Mimi started seeing a counsellor in Salvation Army's anti-addiction program called Anchorage where she began to unpack the residue of her childhood abuse.

Mimi says Dream Catchers, a program run by KLINIC Community Health Centre for sex trade workers, gave her the biggest boost towards recovery.

"You start off in therapy as a participant," says Mimi. "Then you're trained as a mentor; then you're there as a mentor to those who are going through therapy. You're constantly exploring where others have been, reminding yourself of where you've been and learning how to cope with life because even as you're mentoring, you're being mentored by the person ahead of you."

Someone else was there to help her too, Mimi says: God.

She was posing on a street corner one day when a car pulled up. The driver offered her $20 in exchange for five minutes. She got into the car.

"Over that period of five minutes that man took me to McDonald's, fed me and told me how much Jesus loves me," she says. "I got out of the car, went and smoked my drugs and never thought about it again for the rest of that evening. But of all the many, many men whom I have seen and talked to, he is the only one whom I remember vividly."

Since then Mimi says she's learned to look to God when things get rough.

"So many times I've been alone, and I've felt like I needed help," she says. "My connection to something outside of myself--to God--keeps me focused, keeps me hopeful."

A quest for confidence

Mimi's been crack-free for more than three years; she's raising two children, pursuing a university degree and working part time as an educational assistant.

She's often asked to speak about her experiences to Winnipeg youth at community centres and group homes, and she tells her story at the Salvation Army's john school and prostitution diversion camps.

But there's nothing easy about being a Christian for an ex-prostitute. Mimi weaned herself from crack by smoking marijuana. Pot is a much less destructive habit, she says, but one she has yet to shed.

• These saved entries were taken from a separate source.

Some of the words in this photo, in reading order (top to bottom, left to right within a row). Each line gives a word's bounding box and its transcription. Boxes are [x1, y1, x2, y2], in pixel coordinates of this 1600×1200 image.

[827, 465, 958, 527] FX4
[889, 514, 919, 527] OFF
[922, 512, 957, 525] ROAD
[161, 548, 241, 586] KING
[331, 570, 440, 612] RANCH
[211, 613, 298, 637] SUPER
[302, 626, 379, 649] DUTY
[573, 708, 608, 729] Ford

"As a Christian I struggle a lot because I feel that on one hand I'm an addict and I have that weakness and even though I know God's overcome that, recognizing that in my life and living it out as a reality are two different things. But then walking into a church and explaining that to someone who's never lived my life…they look at you and think you don't love God or you need to change and you become their mission instead of their friend."

Mimi says she used to "soak up" the victim identity, waiting for her newfound Christian friends to fix her.

"I've gotten to the point where I'm ready to fix myself and I'm ready to let God show me how to do that," she says. "But you've got to have a certain sense of confidence to do that, and I don't have any, so I find it in God."

Sometimes her non-church-going friends are more supportive than her Christian ones, says Mimi.

"They may not be Christian, but If I'm going through a really hard time they'll throw back things they heard from me like, 'God doesn't give me anything I can't handle'…or they'll pray with me and it reminds me that I'm not alone."

From time to time Mimi attends two different churches.

"But I have to be honest, I don't feel as though I have a lot of support in that right now," she says.

"It's easy for me to be around people who understand Christ but are not perfect Christians so that I don't feel like: 'Look you get Him and you're living for Him and you're perfect, and I want to be that, but I'm so afraid that you're going to judge me if I show you my ugliness instead of help me. Or that you're going to help me and I'm going to disappoint you because I'm not going to get it fast enough.'

"But I remind myself that God speaks to everybody differently: the Holy Spirit in you--what He wants you to know, He'll tell you. What other people around me say about how I'm living is valid, and I can listen to it and accept it, but I need to always go back to the Source….My relationship with God does not look like, and should not look like the rest of my church's relationship with Him, and that's what I need to remind myself of in order to feel comfortable with where I'm at."